Caduta Mossul in Iraq, presa Raqqa in Siria, messo in rotta l’Isis, l’interrogativo è divenuto attuale: “Che cosa ci stiamo a fare in Siria?”. Trump, per una volta, pareva aver azzeccato la risposta giusta: “Non ci stiamo a fare nulla e, quindi, veniamone via”, portiamo a casa i ragazzi, aveva detto a inizio aprile, magari pensando di acquisire punti in vista delle elezioni di midterm del 6 novembre.
Poi, l’attacco chimico di Duma gli ha fatto cambiare idea, forse anche perché in America i missili giovano alla popolarità – meno in Europa, il che rende ancora meno comprensibile l’allineamento della May e di Macron -.
E, così, il conflitto in Siria s’infiamma per una notte con i bagliori di quella terza guerra mondiale “a pezzi” paventata da Papa Francesco, strascichi della disfatta dell’Isis, in Afghanistan, in Yemen, nel Sahel e nel Corno d’Africa. Se ne può trovare un’analisi più disincantata della mia, e certo più attenta alle linee maestre della ‘real politik’, nell’articolo di Stefano Silvestri su AffarInternazionali.
Se l’azione punitiva contro l’uso delle armi chimiche a Duma si fermerà alla gragnola di missili della notte tra venerdì e sabato, le conseguenze e l’impatto saranno limitati: Trump e i suoi sodali hanno avuto cura e tempo di evitare un faccia a faccia militare con Putin. Le conseguenze dell’attacco le subiranno i loro alleati in territorio siriano, i ribelli ad al-Assad rimasti sul campo, oltre alle vittime di qualche sporadico ed estemporaneo attacco terroristico in Europa ‘innescato’ dalla dimostrazione di forza – o di debolezza ai limiti dell’impotenza? – occidentale.
Più pericolose, per una deflagrazione regionale, se non mondiale, sono le ‘punture di spillo’ d’Israele all’Iran in territorio siriano: incursioni con vittime contro postazioni iraniane, che sicuramente faranno scattare ritorsioni – magari affidate a Hezbollah o ad Hamas -. Ce n’era stata una prima dell’attacco missilistico, ce n’è stata un’altra subito dopo: Israele sa di avere l’avallo di Washington ed agisce contro l’Iran quasi anche per procura di Riad.

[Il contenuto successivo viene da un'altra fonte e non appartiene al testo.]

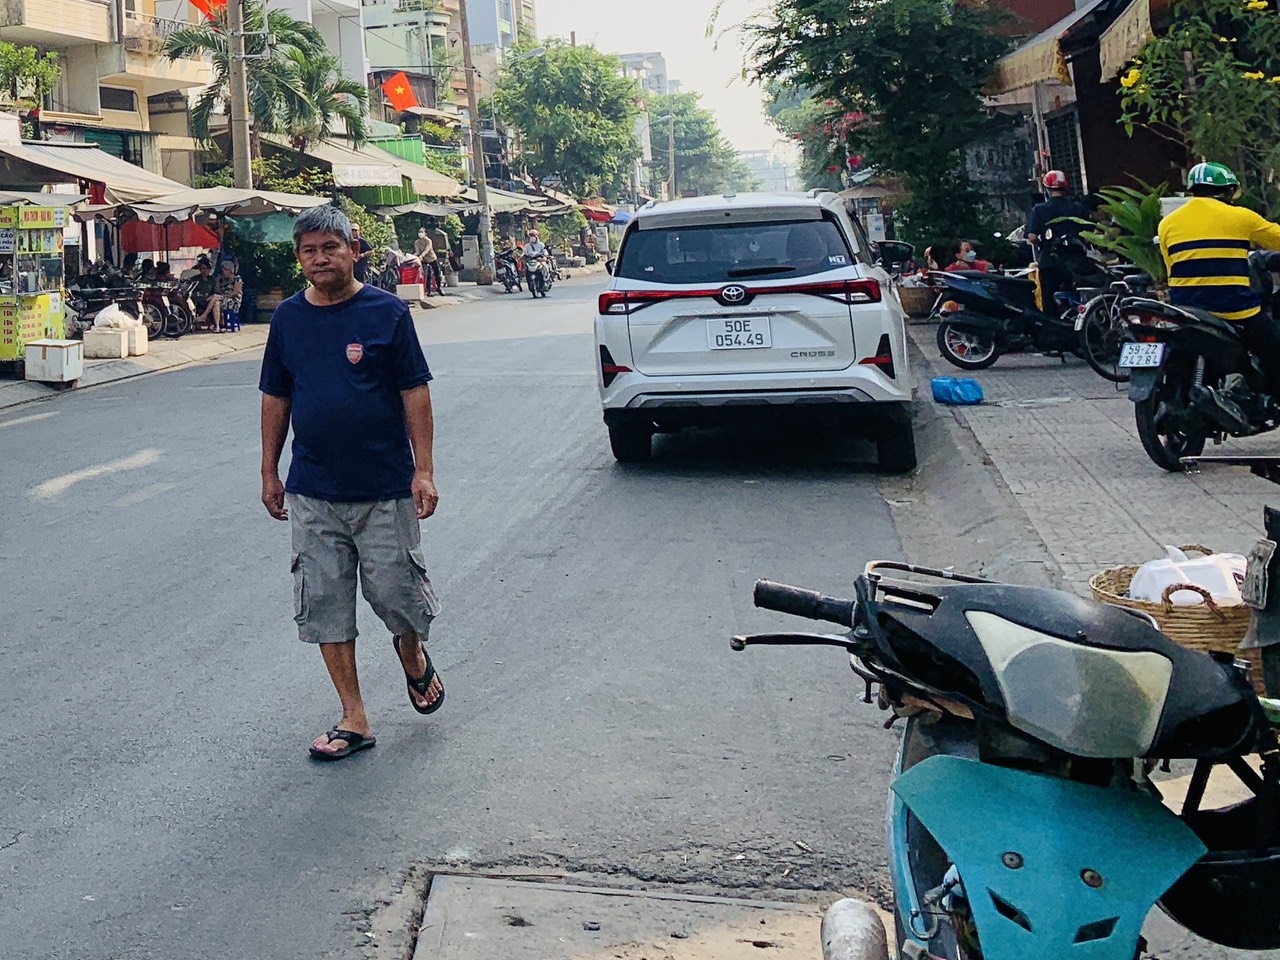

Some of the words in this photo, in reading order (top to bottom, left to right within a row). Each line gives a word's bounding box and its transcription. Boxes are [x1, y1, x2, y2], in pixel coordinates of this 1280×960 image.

Perché in Siria ciascuno combatte una sua guerra diversa: al-Assad e il suo regime vogliono perpetrare se stessi (e ci sono fin qui riusciti e ancora ci riusciranno); Russia e Iran vogliono mantenere al potere al-Assad e affermare la loro influenza/egemonia nella Regione; la Turchia è contro al-Assad, ma si soddisfa di avere mano libera contro i curdi; i curdi sono stati i protagonisti sul terreno della sconfitta dell’Isis e s’aspettavano forse una ricompensa sotto forma d’autonomia, se non di Stato, mentre invece l’Occidente li lascia in balia dei turchi; l’Arabia saudita e Israele vogliono limitare l’espansione (d’influenza) iraniana; l’opposizione al regime non si capisce se e quanto conti e se e quanto sia moderata.
Tutto chiaro. Tranne quello che stanno a fare in Siria gli Stati Uniti e i loro alleati: battere un pugno sul tavolo una volta all’anno non è una strategia; e neppure una tattica o una dimostrazione di forza. E’ un’ammissione d’irrilevanza, d’impotenza, di frustrazione.